**Work task**
Leave the images out, and otherwise write out each entry exactly.

**Supplied information**
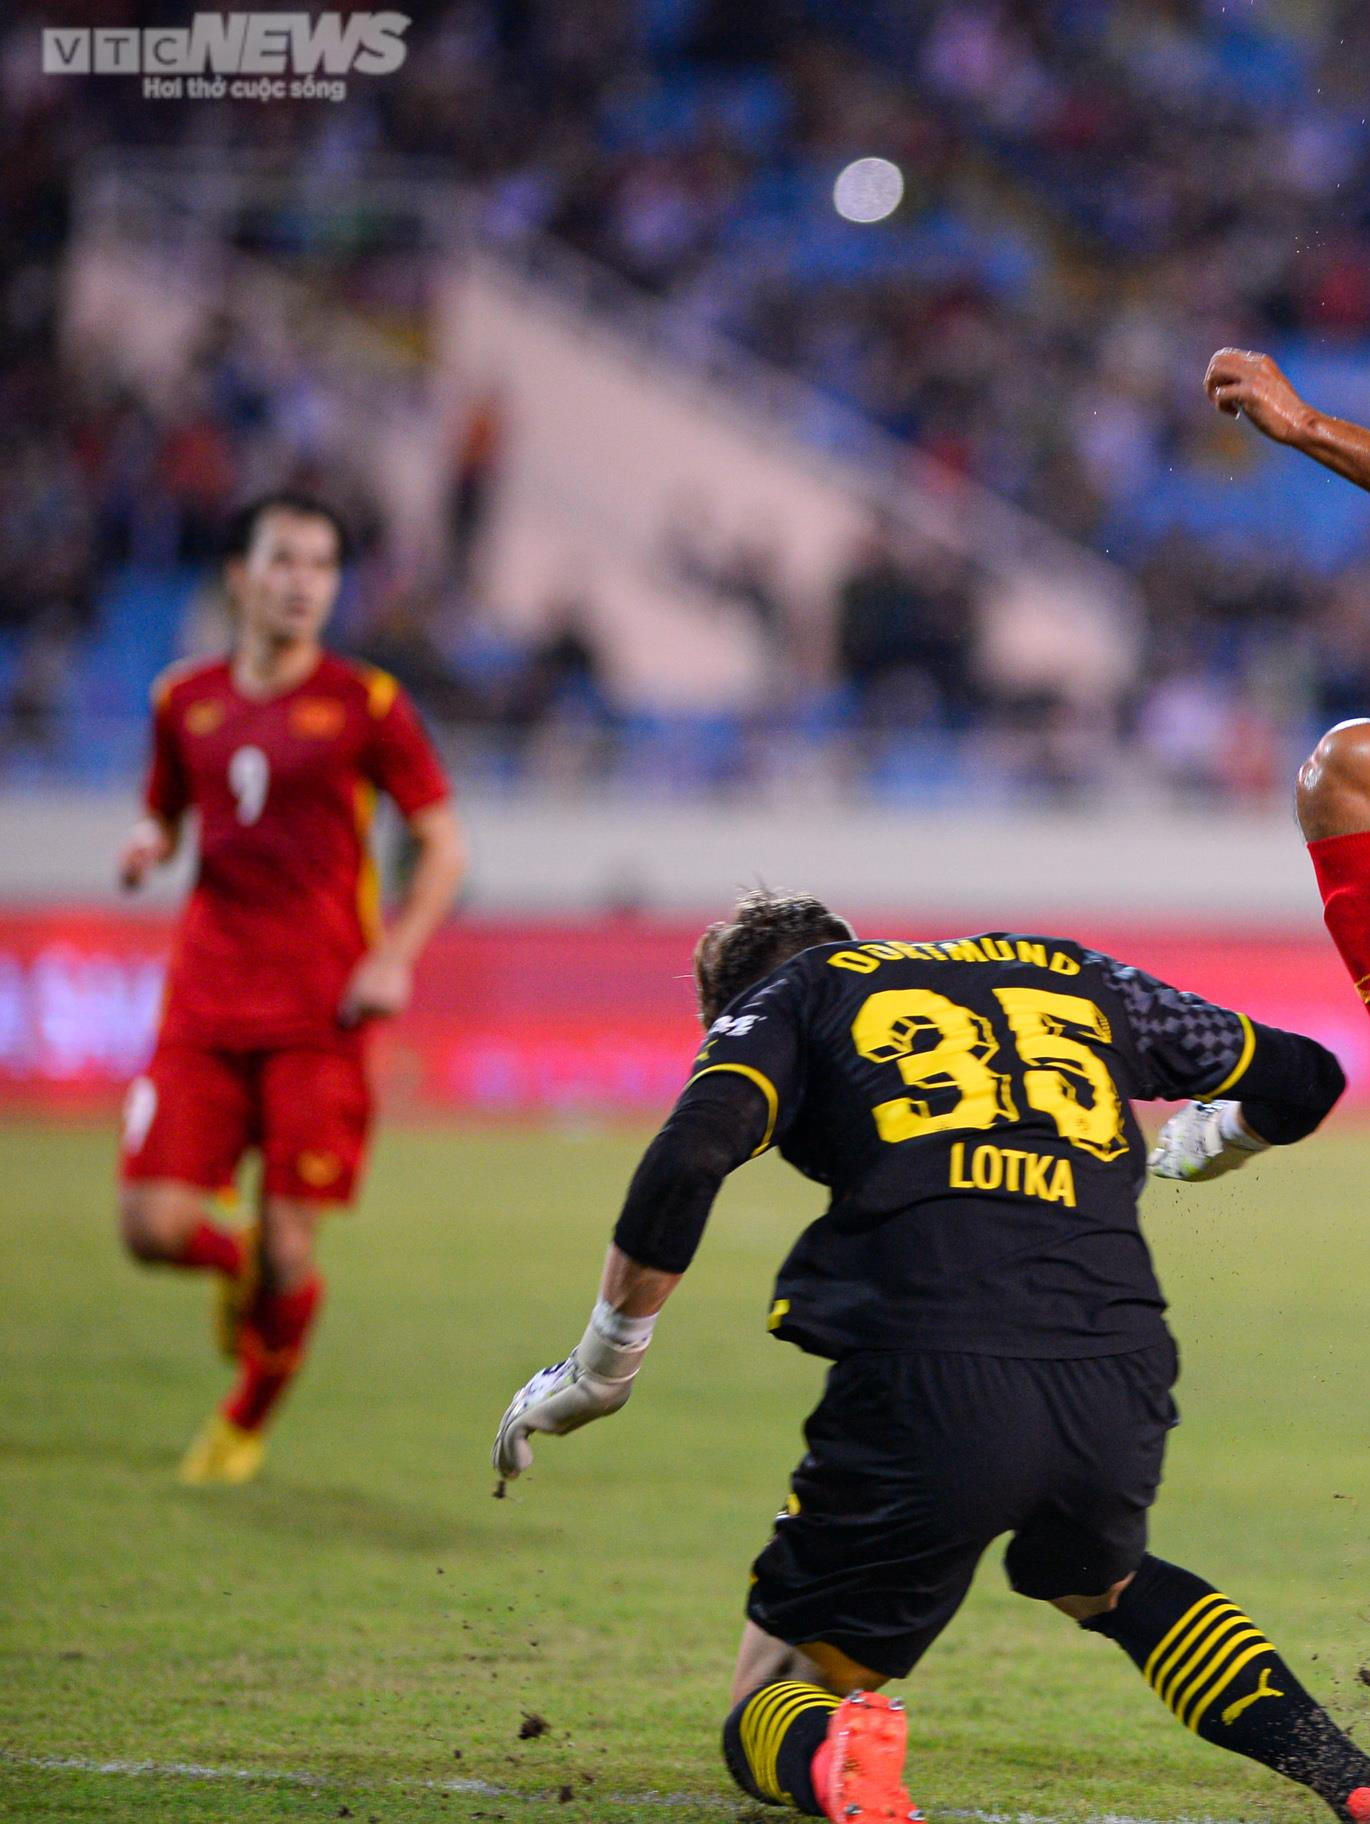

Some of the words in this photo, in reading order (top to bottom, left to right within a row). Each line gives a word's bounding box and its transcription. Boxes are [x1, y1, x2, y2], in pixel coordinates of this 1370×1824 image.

[228, 745, 269, 827] 9
[827, 938, 1081, 976] DORTMUND
[851, 986, 1129, 1162] 35
[949, 1142, 1077, 1208] LOTKA

**Task answer**
Some of the words in this photo, in reading order (top to bottom, left to right within a row). Each line gives a word's bounding box and its transcription. Boxes are [x1, y1, x2, y2], in pixel coordinates of this 1370×1824 image.

[228, 745, 269, 827] 9
[827, 938, 1081, 976] DORTMUND
[851, 986, 1129, 1162] 35
[949, 1142, 1077, 1208] LOTKA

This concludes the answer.